III. Section 6651(a)(1) Addition to Tax

Respondent determined that petitioner was liable for an addition to tax under section 6651(a)(1). Section 6651(a)(1) imposes an addition to tax when a taxpayer fails to timely file a return unless the taxpayer establishes that the failure was due to reasonable cause and not willful neglect.
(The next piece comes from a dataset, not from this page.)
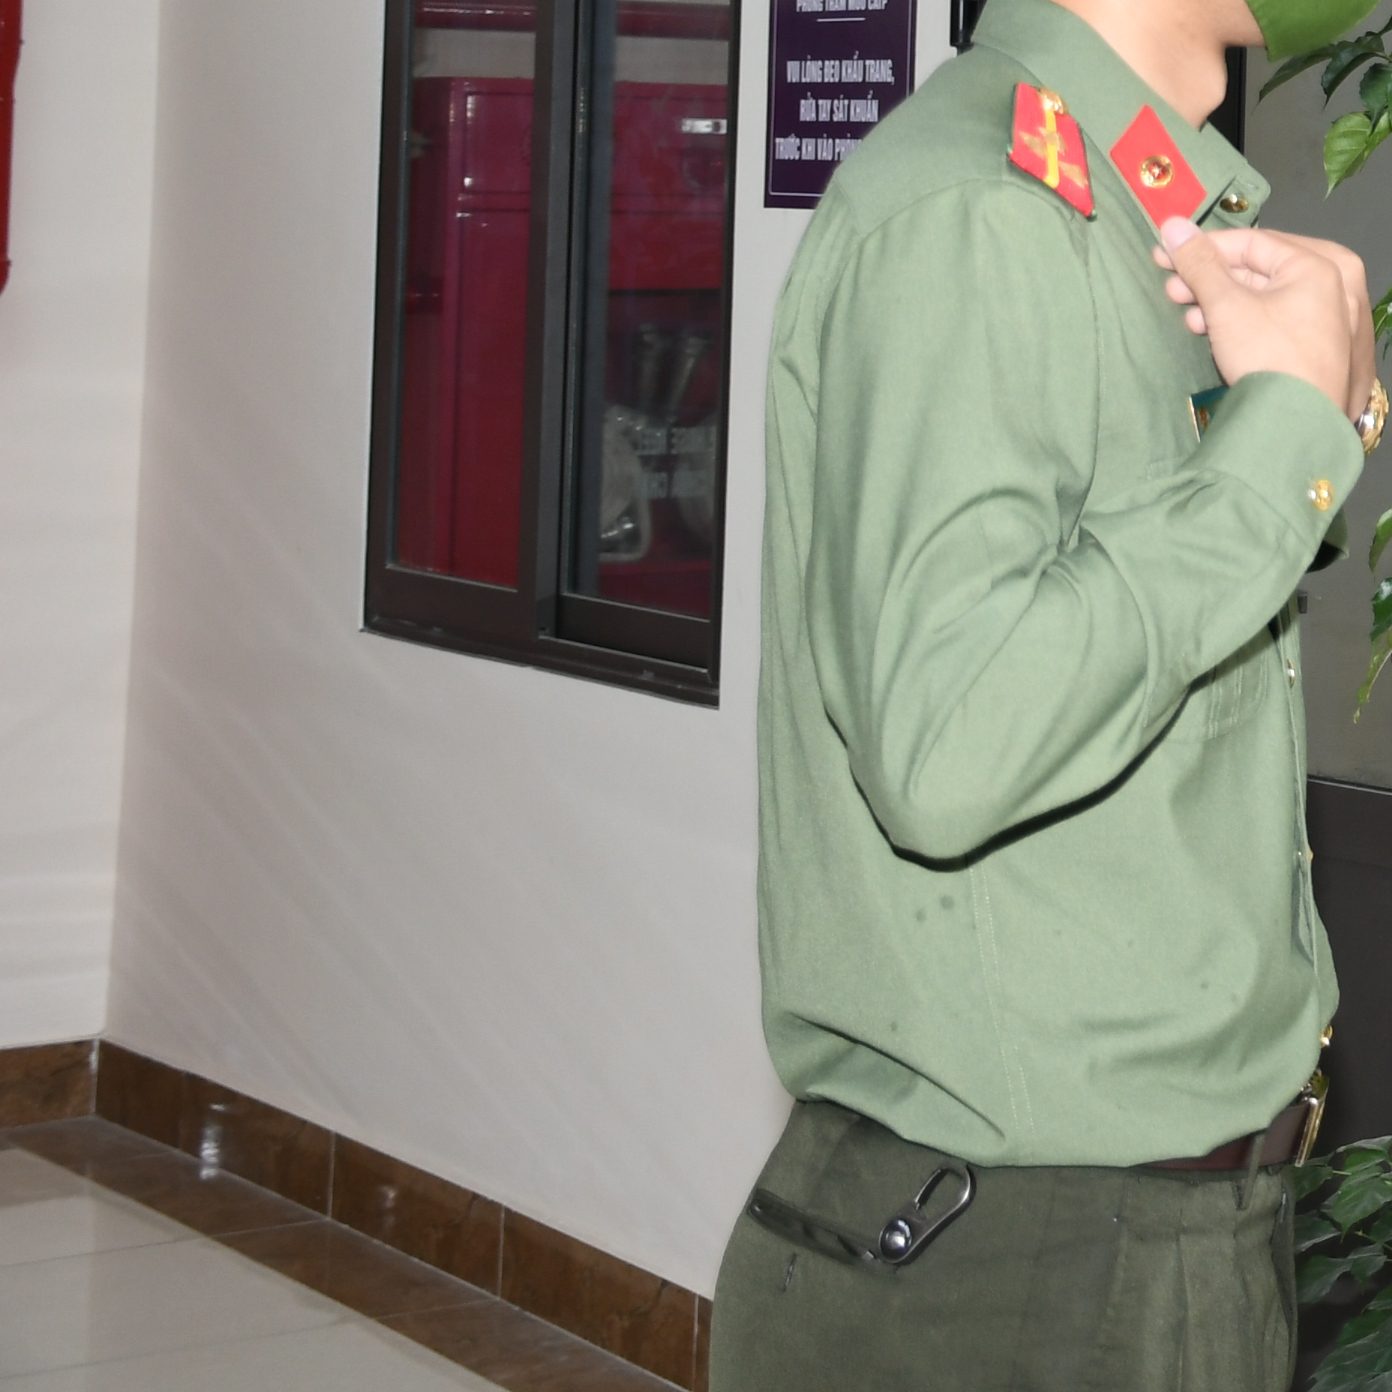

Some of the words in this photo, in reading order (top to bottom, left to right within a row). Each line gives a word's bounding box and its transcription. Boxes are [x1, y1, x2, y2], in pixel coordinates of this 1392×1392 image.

[787, 60, 800, 83] VUI
[818, 99, 832, 122] TAY
[801, 137, 816, 161] KHI
The Commissioner has the burden of production with respect to the section 6651(a)(1) addition to tax. See sec. 7491(c). To meet this burden, the Commissioner must produce evidence that the addition to tax is appropriate. See id.; Higbee v. Commissioner, 116 T.C. 438, 446 (2001). Once the Commissioner satisfies this burden, the taxpayer has the burden of proof with respect to exculpatory factors such as reasonable cause. Higbee v. Commissioner, 116 T.C. at 446-447.3

Respondent has shown that petitioner's return was due by April 15, 2001, and that the return was not filed until September 13, 2002. Petitioner did not [*16] request an extension. Further, petitioner did not show any reasonable cause for his failure to timely file the return. Accordingly, we hold that petitioner is liable for the addition to tax under section 6651(a). In reaching our decision, we have considered all arguments made by the parties, and to the extent not mentioned or addressed, they are irrelevant or without merit.

To reflect the foregoing,

Decision will be entered for respondent.

FOOTNOTES

1Unless otherwise indicated, all section references are to the Internal Revenue Code in effect at all relevant times, and all Rule references are to the Tax Court Rules of Practice and Procedure.

2Respondent concedes that petitioner may still contest the precise amount of unreported income for 2000, as the determination of the precise amount of unreported income was not essential to his conviction.

3Sec. 6751(b)(1), which requires respondent to show certain penalties were “personally approved (in writing) by the immediate supervisor of the individual” making the initial penalty determination, does not apply to sec. 6651 additions to tax. See sec. 6751(b)(2)(A).